RECORDS FOR THIS TASK ::
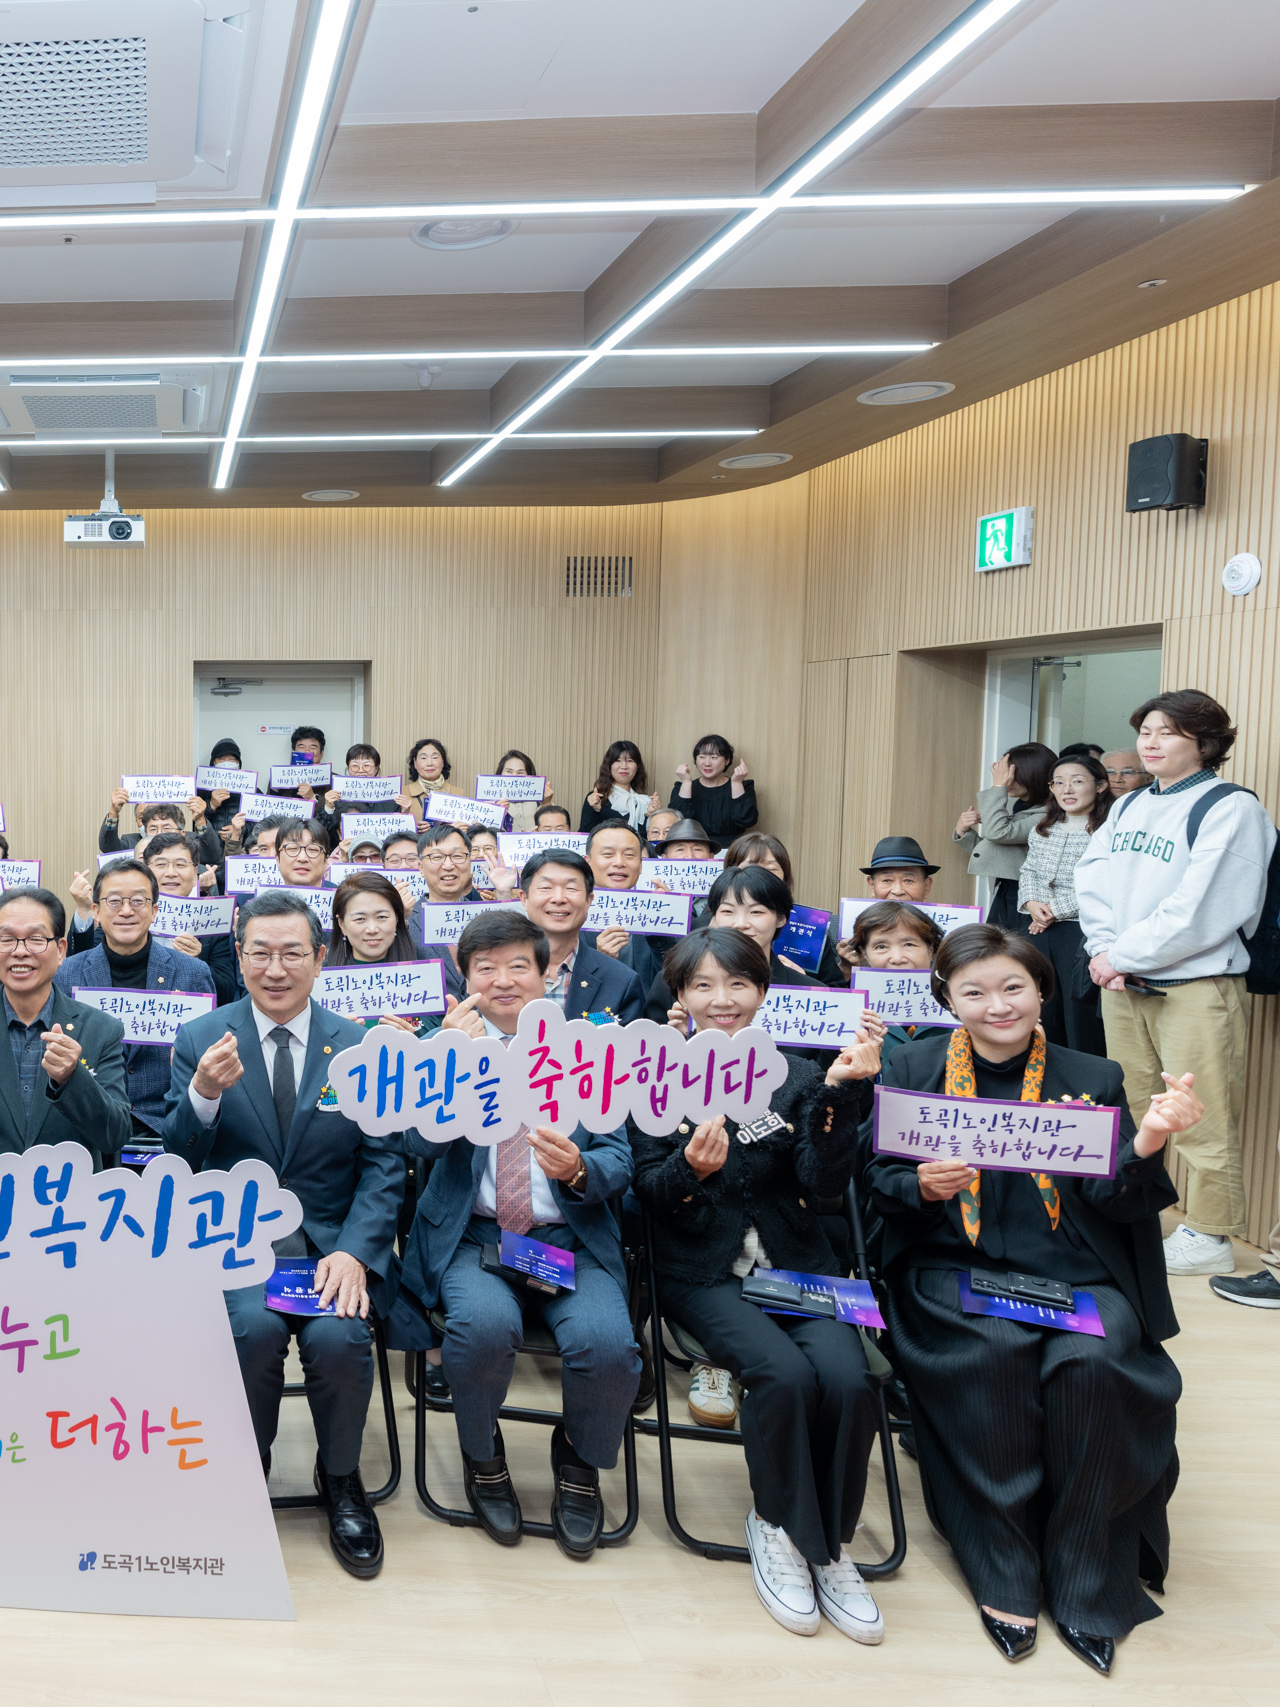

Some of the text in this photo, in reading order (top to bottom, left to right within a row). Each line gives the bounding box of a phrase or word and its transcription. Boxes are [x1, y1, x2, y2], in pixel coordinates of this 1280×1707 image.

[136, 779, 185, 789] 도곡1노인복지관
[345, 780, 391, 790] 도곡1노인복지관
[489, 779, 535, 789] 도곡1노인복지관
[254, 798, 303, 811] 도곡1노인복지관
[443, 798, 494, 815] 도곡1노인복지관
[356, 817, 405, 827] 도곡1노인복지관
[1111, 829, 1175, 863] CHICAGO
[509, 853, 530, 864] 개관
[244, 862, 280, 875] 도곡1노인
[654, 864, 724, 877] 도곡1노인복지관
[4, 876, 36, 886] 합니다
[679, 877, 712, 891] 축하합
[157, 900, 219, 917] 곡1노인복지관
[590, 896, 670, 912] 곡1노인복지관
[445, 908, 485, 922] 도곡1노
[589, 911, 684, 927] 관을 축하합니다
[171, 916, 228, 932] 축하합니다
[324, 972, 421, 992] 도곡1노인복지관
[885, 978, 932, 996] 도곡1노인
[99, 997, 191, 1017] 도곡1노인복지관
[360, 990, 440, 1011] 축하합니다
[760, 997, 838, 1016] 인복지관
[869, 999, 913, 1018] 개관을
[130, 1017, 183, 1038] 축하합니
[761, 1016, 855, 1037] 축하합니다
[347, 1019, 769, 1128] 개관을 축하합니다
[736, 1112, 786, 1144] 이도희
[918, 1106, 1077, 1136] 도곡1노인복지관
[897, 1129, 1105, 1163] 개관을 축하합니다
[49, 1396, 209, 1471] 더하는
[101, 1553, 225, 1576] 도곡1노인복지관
--
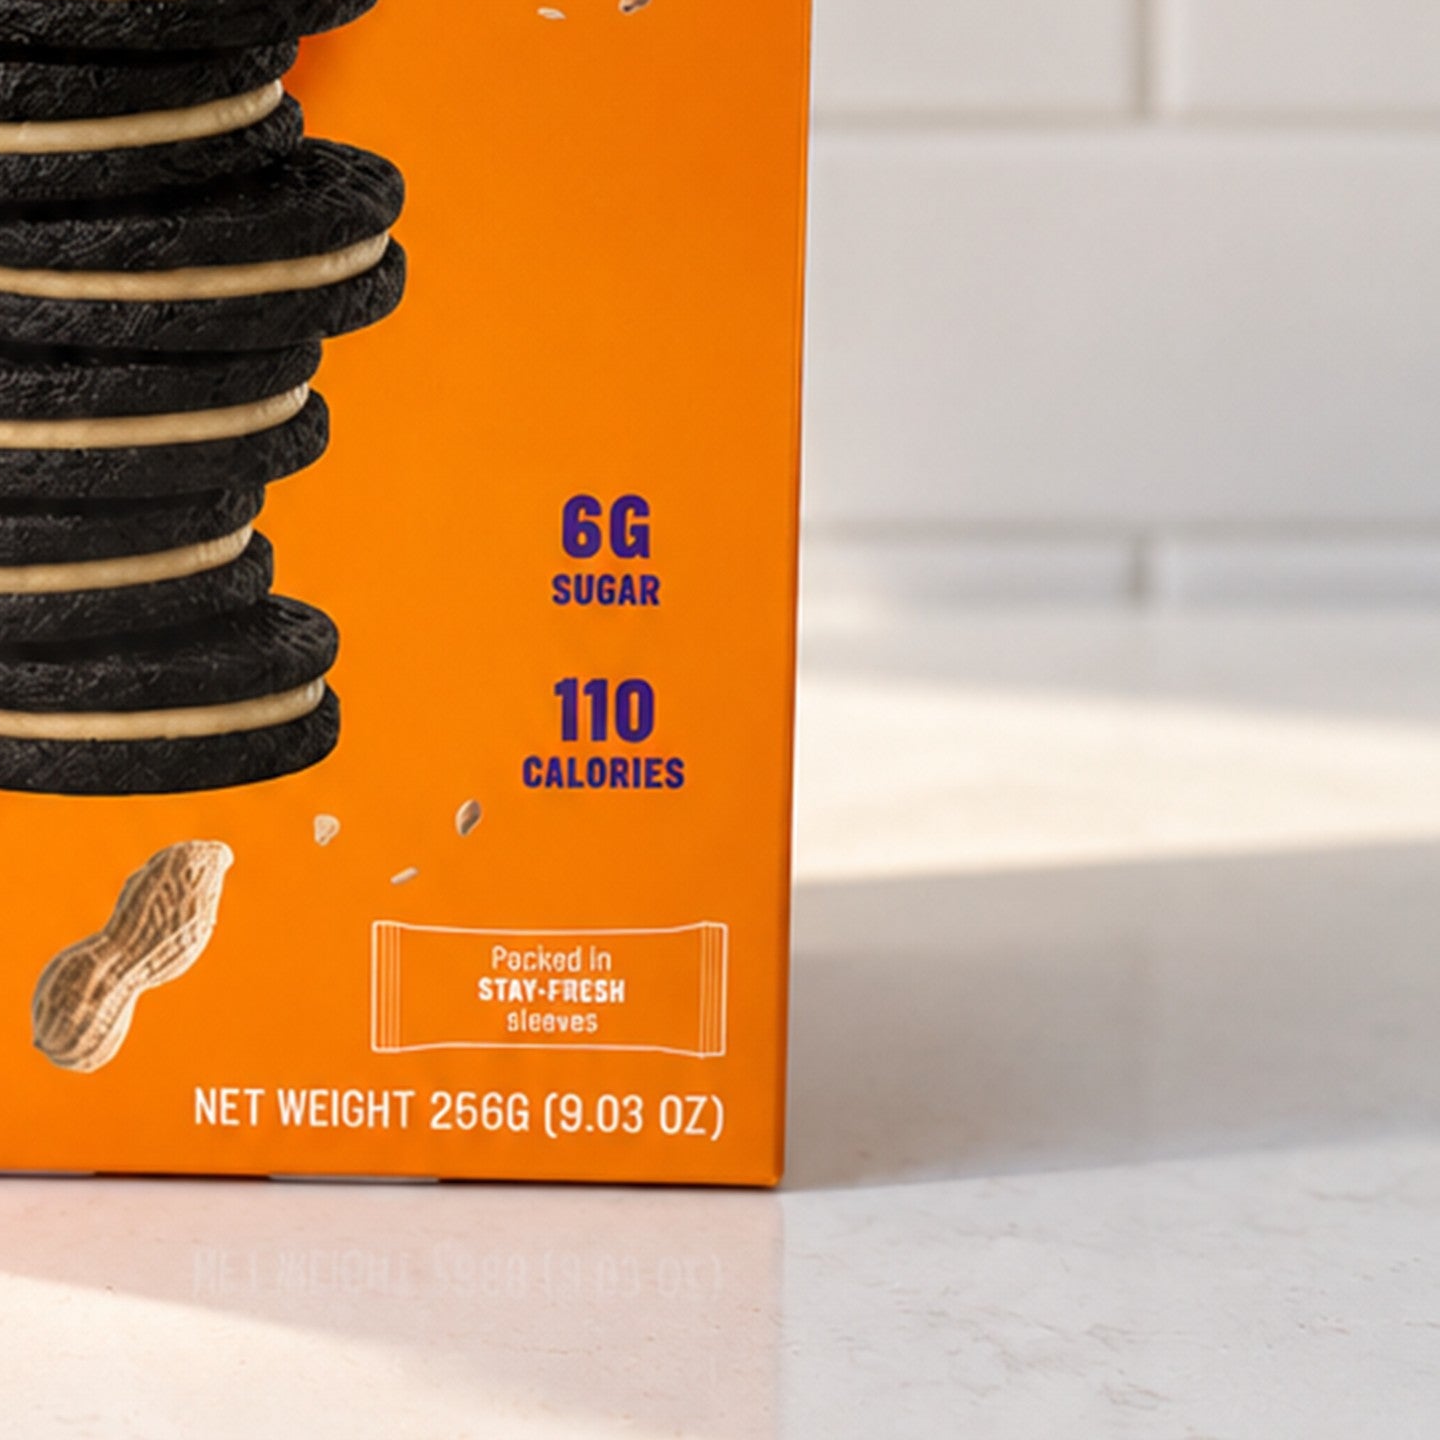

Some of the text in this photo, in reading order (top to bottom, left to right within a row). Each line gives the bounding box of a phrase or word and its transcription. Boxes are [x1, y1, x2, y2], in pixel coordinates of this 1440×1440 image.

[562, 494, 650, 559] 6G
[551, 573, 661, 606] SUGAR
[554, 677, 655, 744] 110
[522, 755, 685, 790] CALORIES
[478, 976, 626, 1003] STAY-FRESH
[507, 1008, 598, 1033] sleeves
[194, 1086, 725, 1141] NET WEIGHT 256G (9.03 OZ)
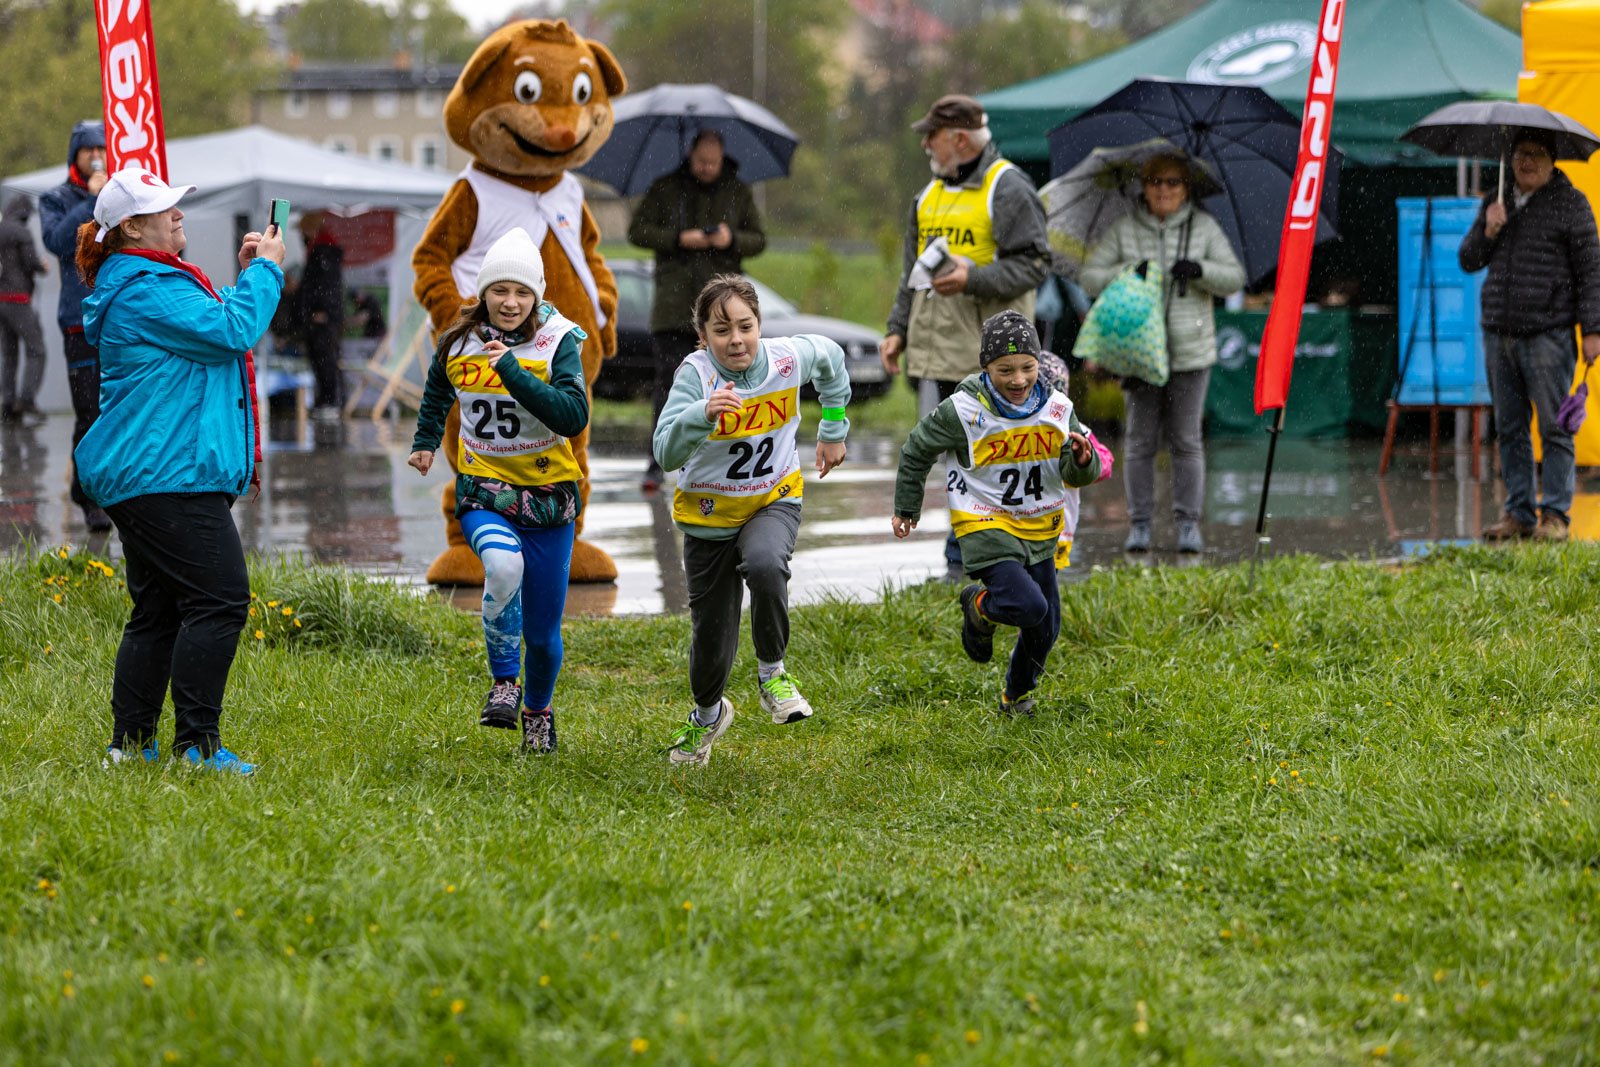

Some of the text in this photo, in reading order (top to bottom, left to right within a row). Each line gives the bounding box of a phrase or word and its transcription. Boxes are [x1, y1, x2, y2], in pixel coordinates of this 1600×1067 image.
...
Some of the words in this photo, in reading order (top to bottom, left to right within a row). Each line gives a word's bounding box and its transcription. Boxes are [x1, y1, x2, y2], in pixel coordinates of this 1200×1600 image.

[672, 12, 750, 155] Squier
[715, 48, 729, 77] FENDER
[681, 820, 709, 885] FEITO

TASK STATEMENT ::
Starting at the line with "this 1440×1440 image." in the entries above, write out every line exactly until the line with "this 1600×1067 image." has been written. Include no pictures and nothing more.

REPLY ::
Some of the text in this photo, in reading order (top to bottom, left to right within a row). Each line gives the bounding box of a phrase or word and its transcription. Boxes are [x1, y1, x2, y2], in pixel coordinates of this 1440×1440 image.

[562, 494, 650, 559] 6G
[551, 573, 661, 606] SUGAR
[554, 677, 655, 744] 110
[522, 755, 685, 790] CALORIES
[478, 976, 626, 1003] STAY-FRESH
[507, 1008, 598, 1033] sleeves
[194, 1086, 725, 1141] NET WEIGHT 256G (9.03 OZ)

Some of the text in this photo, in reading order (top to bottom, left to right within a row). Each line gives the bounding box of a phrase or word and its transcription. Boxes are [x1, y1, x2, y2], in pixel coordinates of this 1600×1067 image.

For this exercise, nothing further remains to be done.